Aim of the task:
Return an exact copy of the entries, skipping any picture you find.

(Stored data entries)
··········
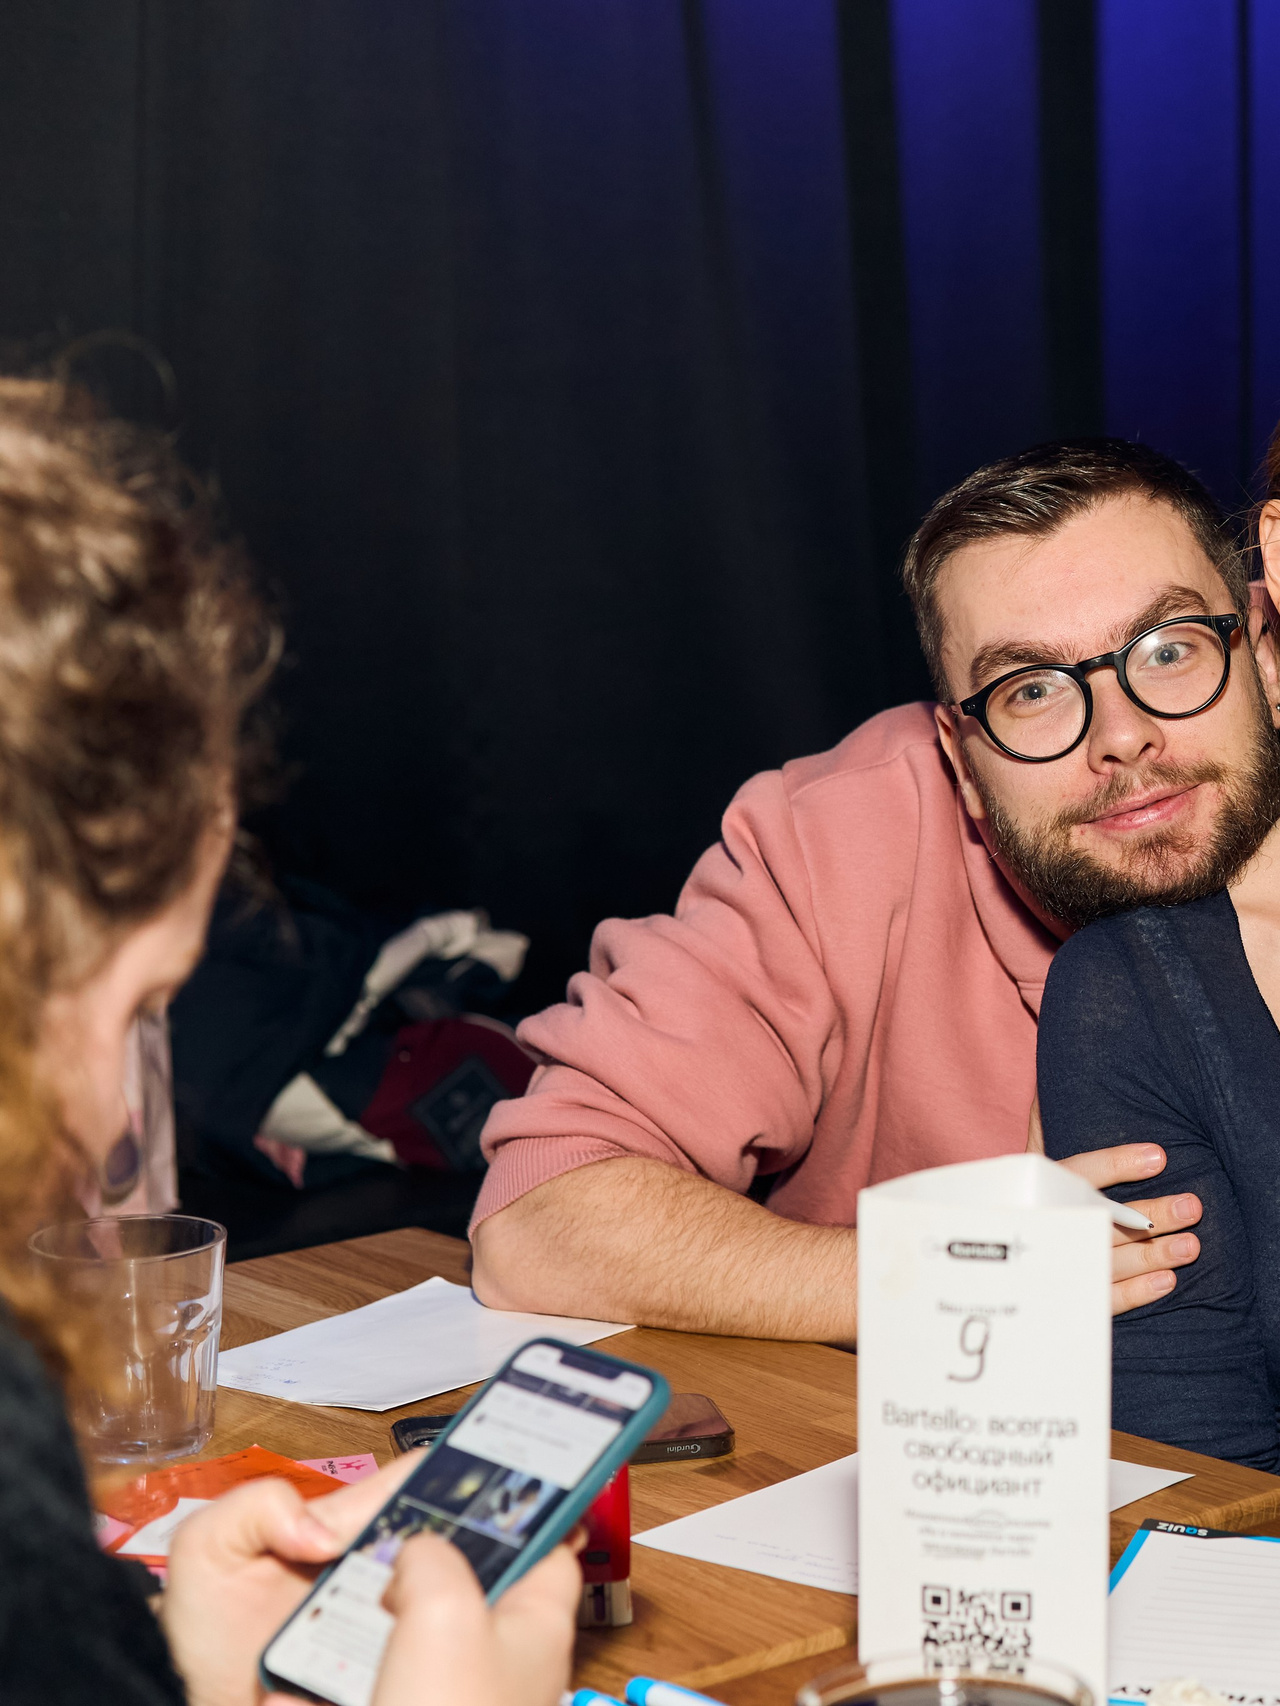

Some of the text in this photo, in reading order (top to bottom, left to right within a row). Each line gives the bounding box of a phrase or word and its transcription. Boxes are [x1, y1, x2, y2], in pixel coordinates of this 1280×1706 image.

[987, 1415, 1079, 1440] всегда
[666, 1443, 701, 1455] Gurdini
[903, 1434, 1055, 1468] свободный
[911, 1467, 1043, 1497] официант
··········
Problem solution:
Some of the text in this photo, in reading order (top to bottom, left to right within a row). Each line gives the bounding box of a phrase or word and its transcription. Boxes are [x1, y1, x2, y2], in pixel coordinates of this 1280×1706 image.

[987, 1415, 1079, 1440] всегда
[666, 1443, 701, 1455] Gurdini
[903, 1434, 1055, 1468] свободный
[911, 1467, 1043, 1497] официант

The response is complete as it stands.